Task objective
When a picture appears among the records, leave it out, and copy all else exactly.

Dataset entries
**********
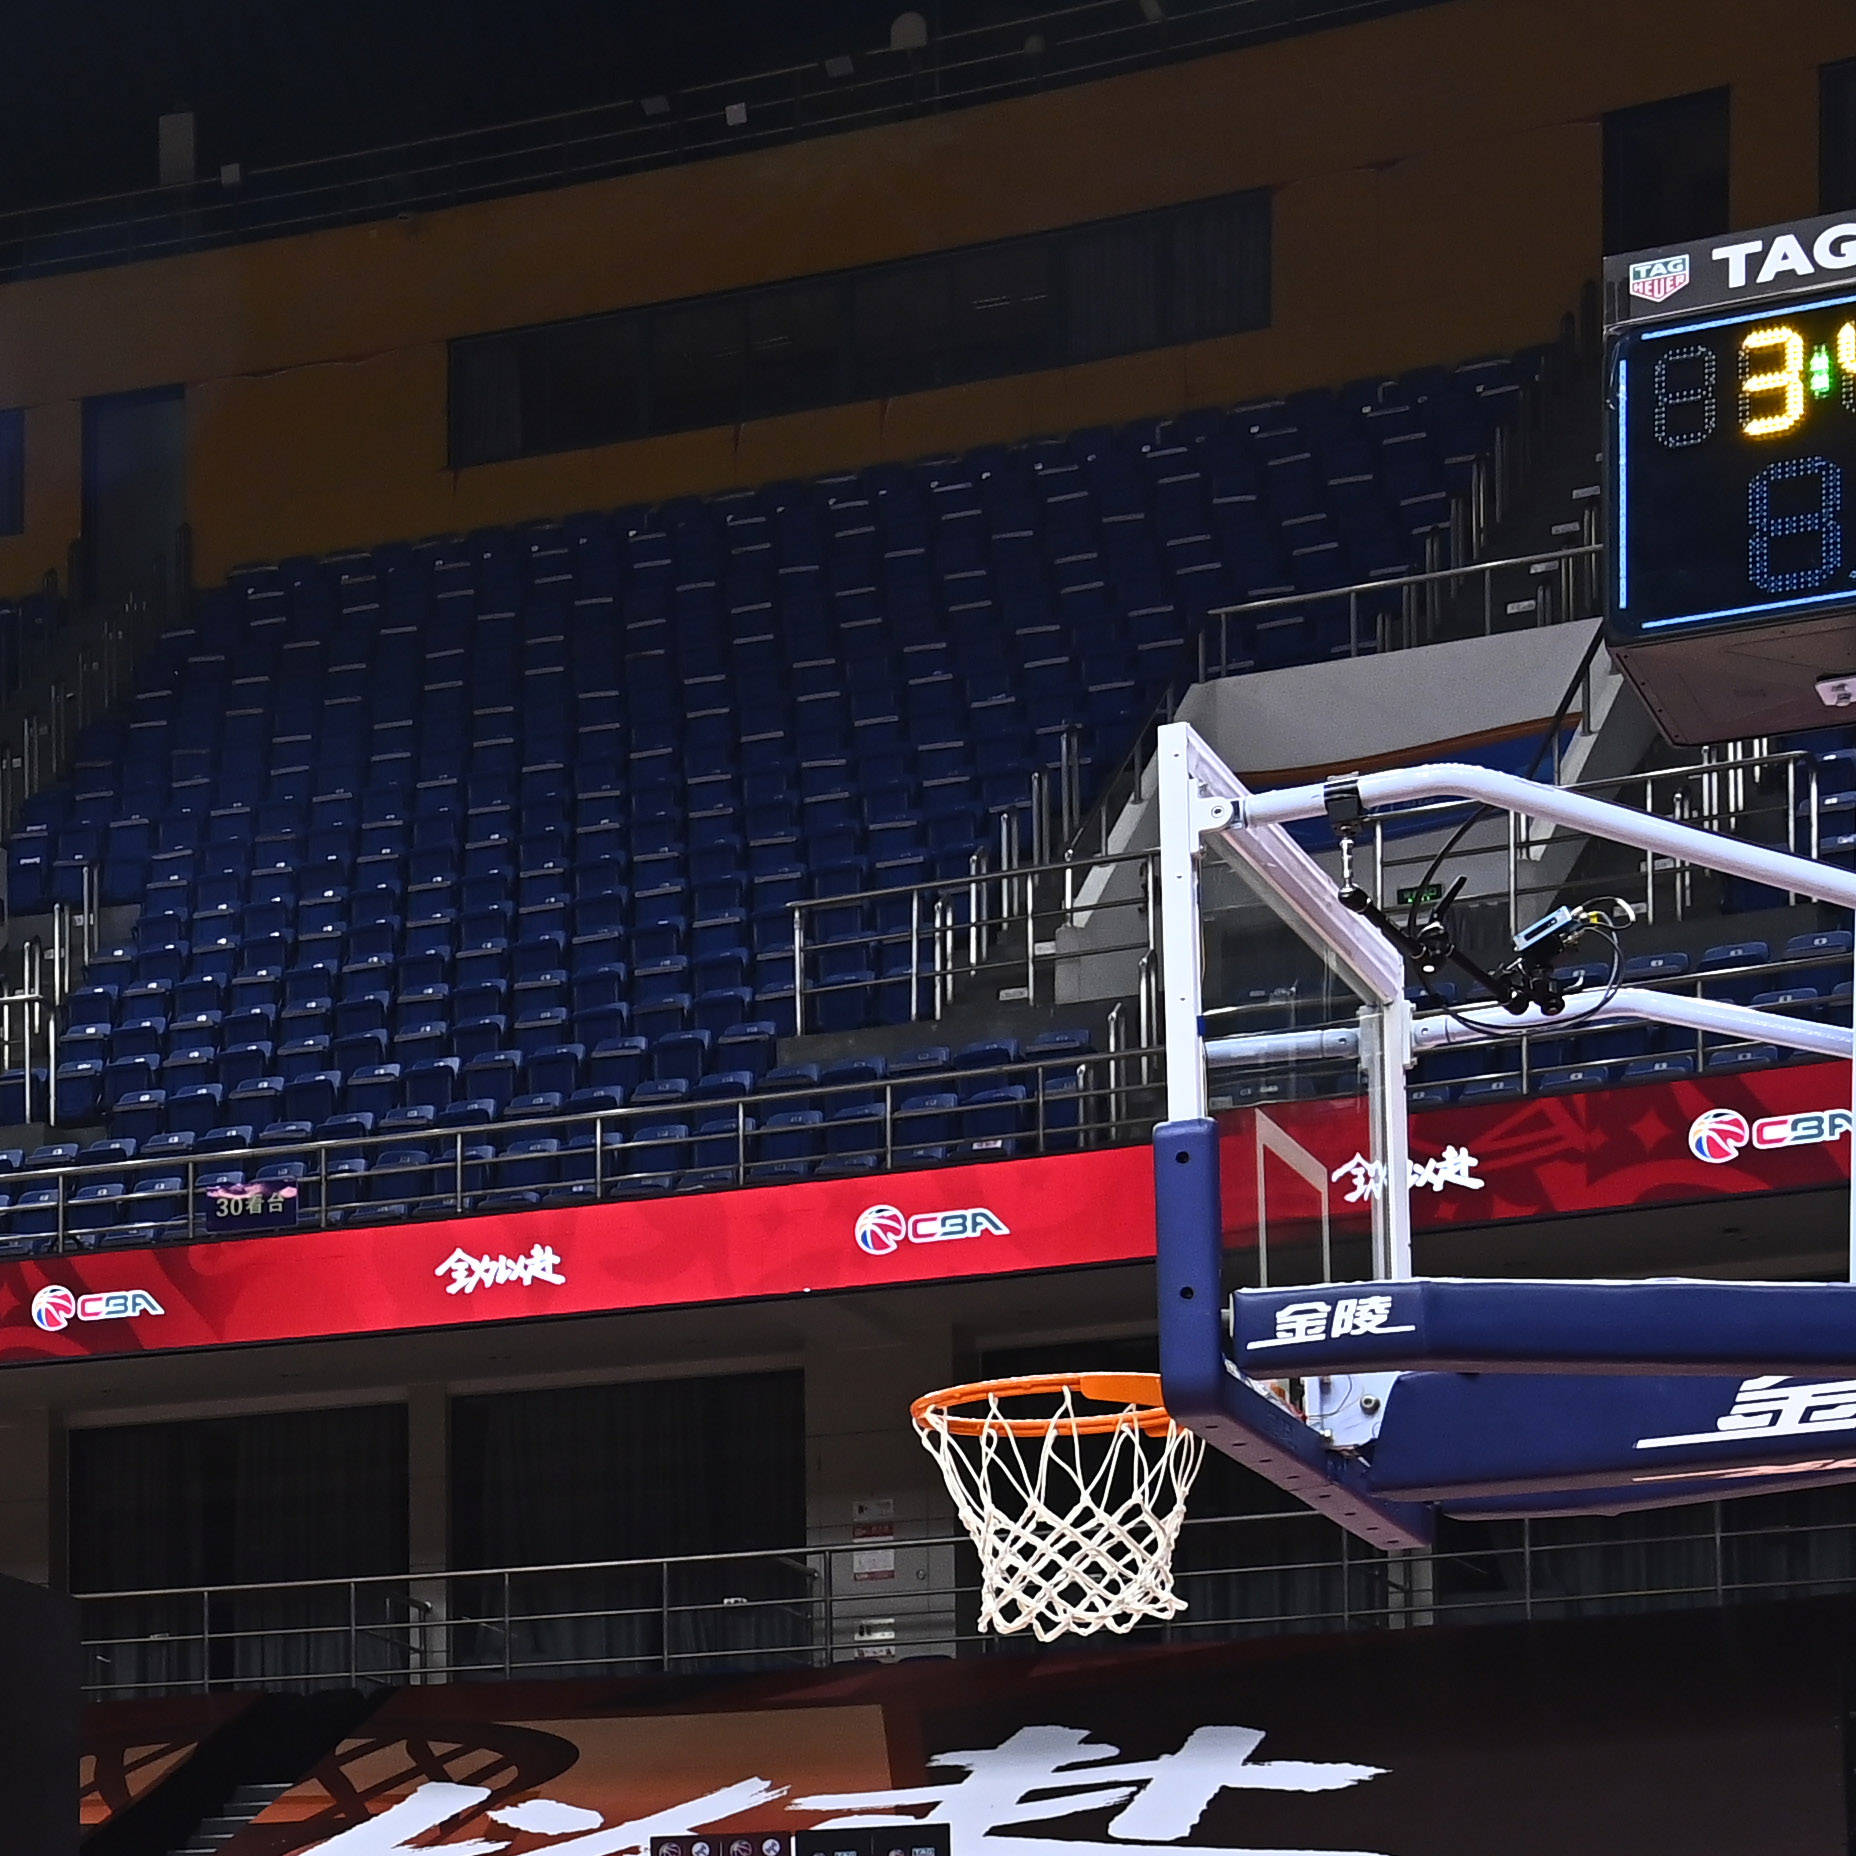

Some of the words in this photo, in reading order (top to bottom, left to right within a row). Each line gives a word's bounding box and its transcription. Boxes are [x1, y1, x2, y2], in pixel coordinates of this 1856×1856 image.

[1635, 258, 1685, 275] TAG
[1632, 276, 1688, 298] HEUER
[908, 1207, 1010, 1243] CBA
[77, 1289, 164, 1321] CBA
[1246, 1295, 1416, 1350] 金陵
**********
Answer space
Some of the words in this photo, in reading order (top to bottom, left to right within a row). Each line gives a word's bounding box and its transcription. Boxes are [x1, y1, x2, y2], in pixel coordinates of this 1856×1856 image.

[1635, 258, 1685, 275] TAG
[1632, 276, 1688, 298] HEUER
[908, 1207, 1010, 1243] CBA
[77, 1289, 164, 1321] CBA
[1246, 1295, 1416, 1350] 金陵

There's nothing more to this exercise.